EDA Project in R language, created as the capstone project for the Google Data Analytics Professional Certificate on Coursera.

Primary LanguageJupyter Notebook

Cyclistic Bike-Share Marketing Analysis

IMPORTANT : The analysis on GitHub doesn't output everything correctly, please refer to this version on Kaggle.

Introduction

In 2016, Cyclistic launched a successful bike-share offering. Since then, the program has grown to a fleet of 5,824 bicycles that are geotracked and locked into a network of 692 stations across Chicago. The bikes can be unlocked from one station and returned to any other station in the system anytime.

Until now, Cyclistic’s marketing strategy relied on building general awareness and appealing to broad consumer segments. One approach that helped make these things possible was the flexibility of its pricing plans: single-ride passes, full-day passes, and annual memberships. Customers who purchase single-ride or full-day passes are referred to as casual riders. Customers who purchase annual memberships are Cyclistic members.

Cyclistic’s finance analysts have concluded that annual members are much more profitable than casual riders. Although the pricing flexibility helps Cyclistic attract more customers, the company believes that maximizing the number of annual members will be key to future growth.

Scenario

In this case my role as a Junior Data Analyst working in the marketing analysis team at Cyclistic was to understand how casual riders and annual members use Cyclistic bikes differently. From these insights the marketing team would design a strategy with the goal of converting casual riders into annual members.

Business Task

The purpose of this script is to consolidate downloaded Divvy data into a single dataframe and then conduct an exploratory analysis to help answer the key question: “In what ways do members and casual riders use Divvy bikes differently?”

Key Stakeholders

Cyclistic : A Chicago-based bike-share program.

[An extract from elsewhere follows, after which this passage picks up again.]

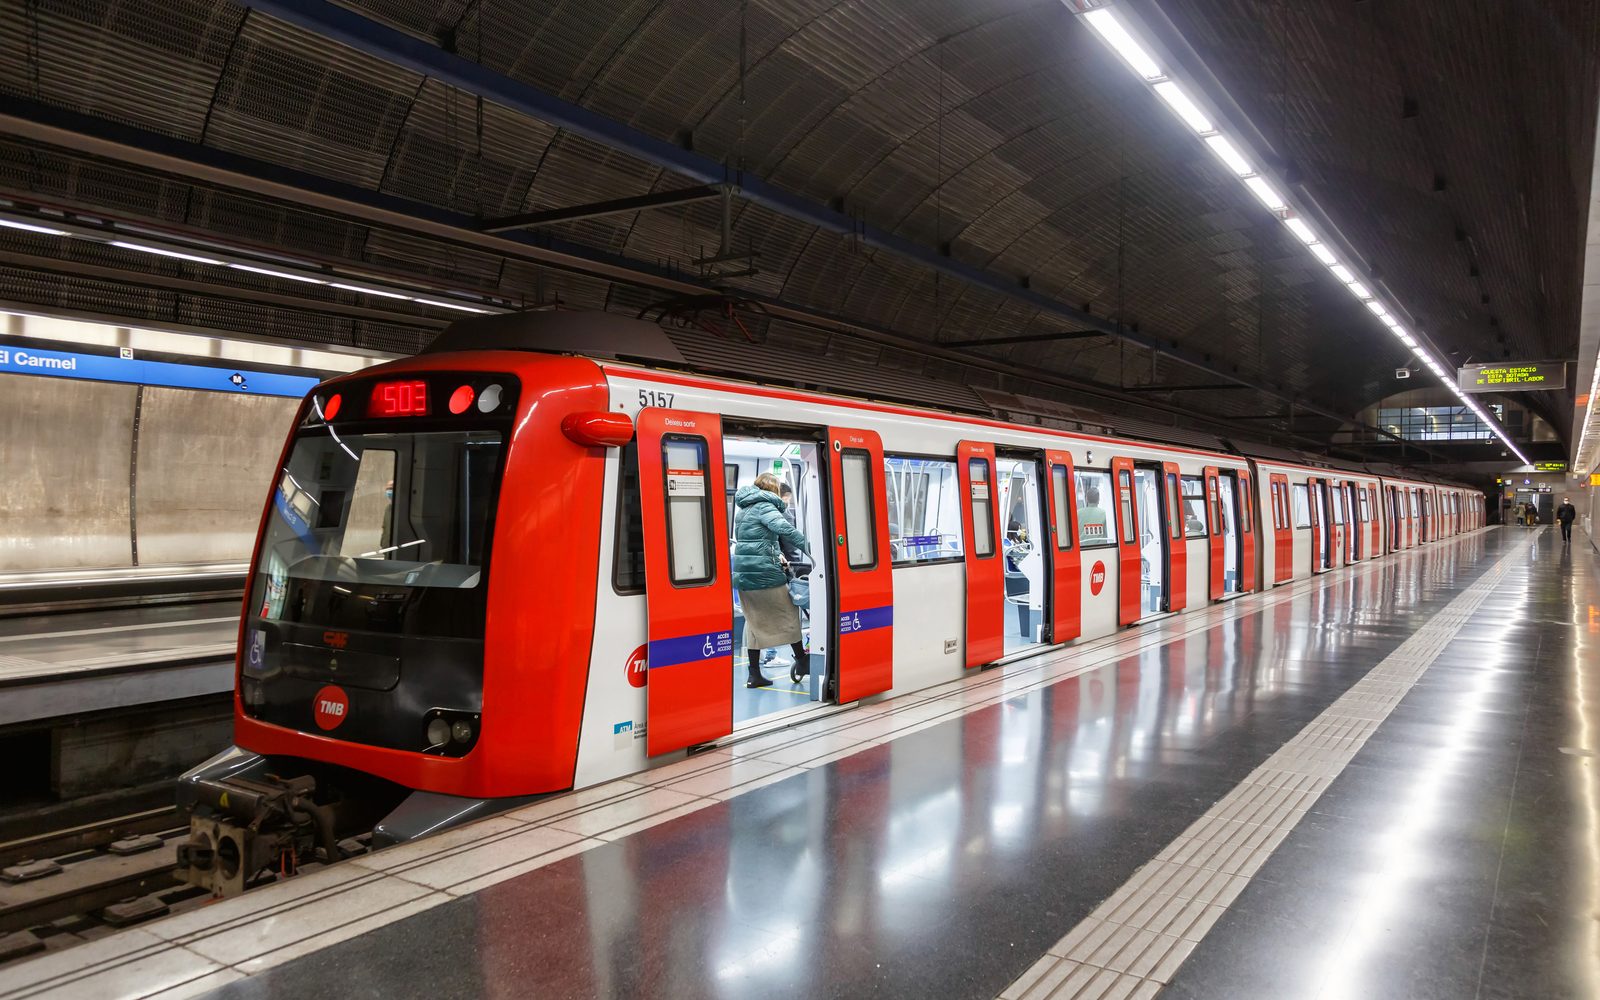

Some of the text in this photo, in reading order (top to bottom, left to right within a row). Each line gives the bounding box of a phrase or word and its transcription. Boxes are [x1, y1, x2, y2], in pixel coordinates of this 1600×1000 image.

Lily Moreno : Director of marketing and manager for Cyclistic.

Cyclistic marketing analytics team : A team of data analysts who are responsible for collecting, analyzing and reporting data that helps guide Cyclistic marketing strategy.

Cyclistic executive team : The team that decides whether to approve the recommended marketing program.

Limitations

One limitation for this project was the absence of riders' personally identifiable information due to privacy reasons. Cyclistic was therefore precluded from connecting pass purchases to individuals. Linking credit card numbers to unique IDs could have helped segmenting users based on information such as their home address and whether or not they live in a zone where the service was provided. The major drawback of not having these information was the impossibility to determine whether a consumer bought multiple or repeated passes, to further understand how the average user and member differed in their usage.